Evelyn y Jonathan: Mi vida como alumno zombi

El número de alumnos mal diagnosticados en establecimientos para niños con discapacidad mental es desconocido. Ningún organismo cuenta con el dato. Acá sus historias no bastan para revelar las condiciones de descuido y dejadez al interior de las aulas: rezago escolar, pastillas y alumnos “zombis”.

Matías Concha P.

Evelyn (17) se mueve como si algo le doliera, se frota las manos, mira al cielo. Aunque había jurado no volver a recordar el pasado, decidió contarnos su historia, pero hacerlo no es fácil. “En esa escuela había cabros que no sabían leer, que les costaba pronunciar las palabras, las sílabas, pero también había otros que me parecían súper peligrosos. Algunos creían que estaban en la cárcel; otros, sin sus pastillas, se volvían locos, les pegaban a las tías, meaban la sala, les tiraban pollos a los que eran autistas”, cuenta sobre su largo paso de 5 años en una escuela especial para niños y jóvenes con déficit intelectual.

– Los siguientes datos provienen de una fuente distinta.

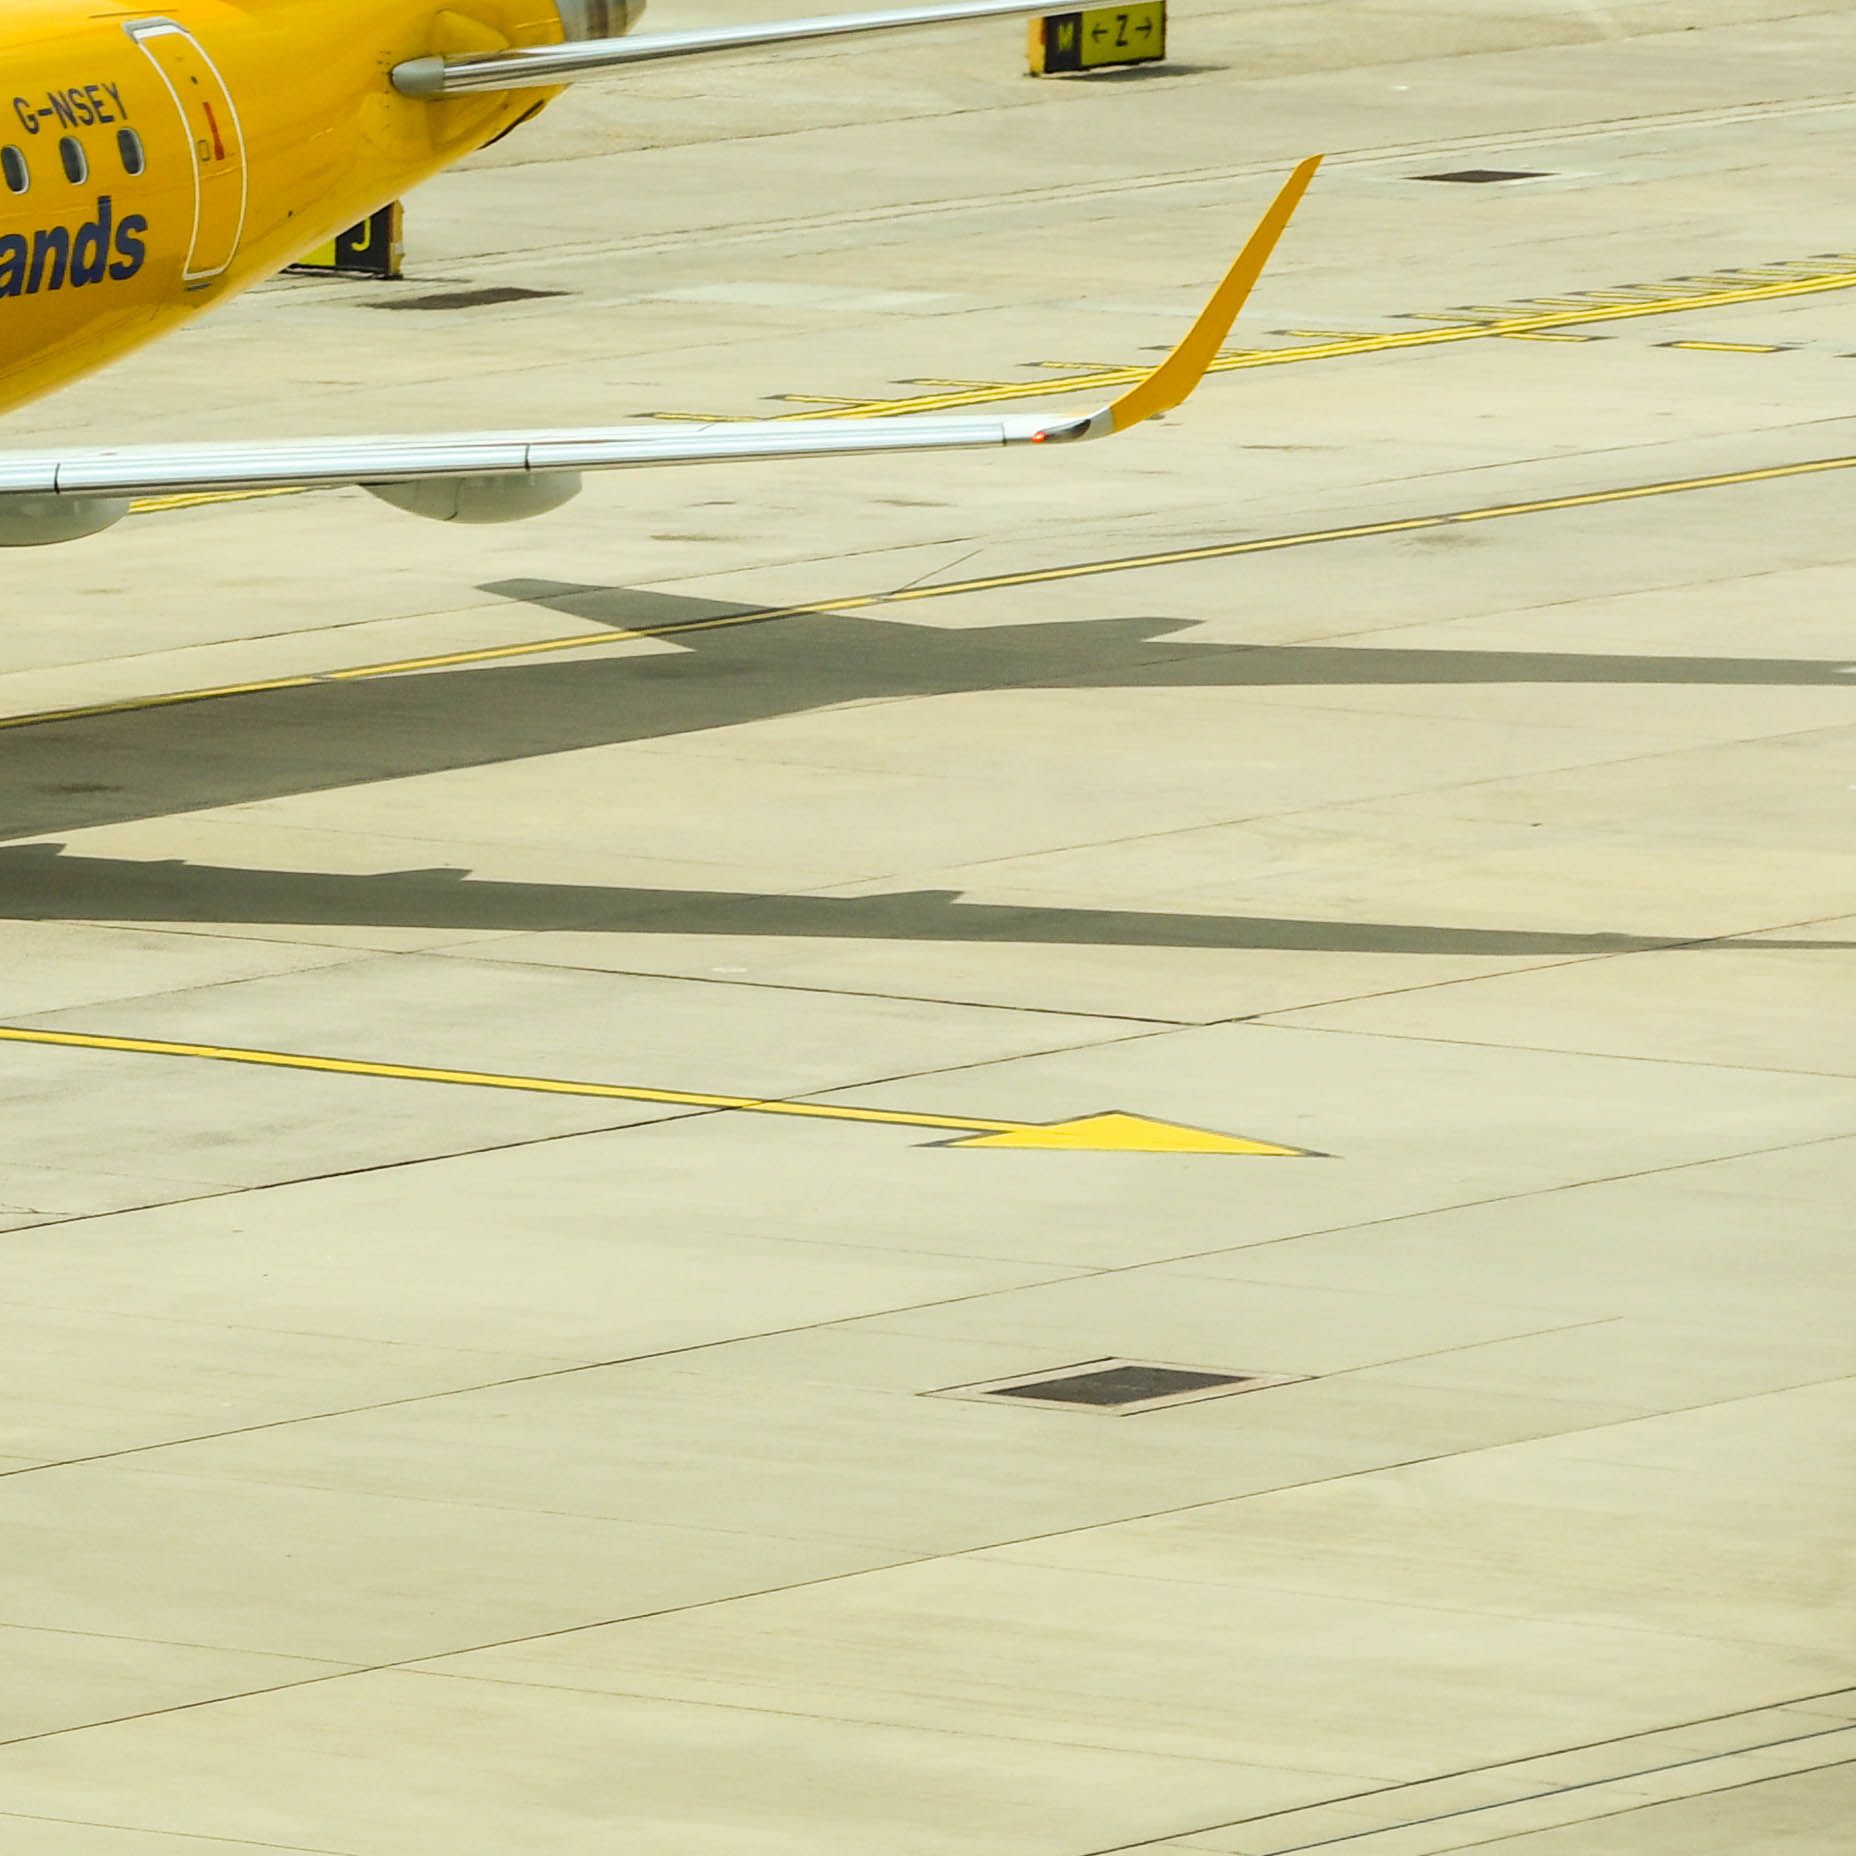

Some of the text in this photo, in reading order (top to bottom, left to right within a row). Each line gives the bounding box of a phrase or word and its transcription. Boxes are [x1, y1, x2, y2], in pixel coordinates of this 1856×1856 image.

[1056, 14, 1129, 52] M Z
[12, 81, 128, 135] G-NSEY

Evelyn dejó de ir a una escuela regular en segundo básico, cuando la diagnosticaron un trastorno leve de aprendizaje. “Era floja, pero sólo me costaba leer”, explica. Su mamá asegura que nunca le entregaron un informe que respaldara el diagnóstico. Y como los colegios no aceptaban a niños repitentes, fue derivada a una escuela especial. Tenía 10 años. “Me metieron a un curso donde había niños muy complicados: uno trató de quemar la sala, otros pateaban a las profes, algunos se cortaban; para mí era como estar en un manicomio. Aunque también había chiquillos más normales, cabros que eran inquietos no más”.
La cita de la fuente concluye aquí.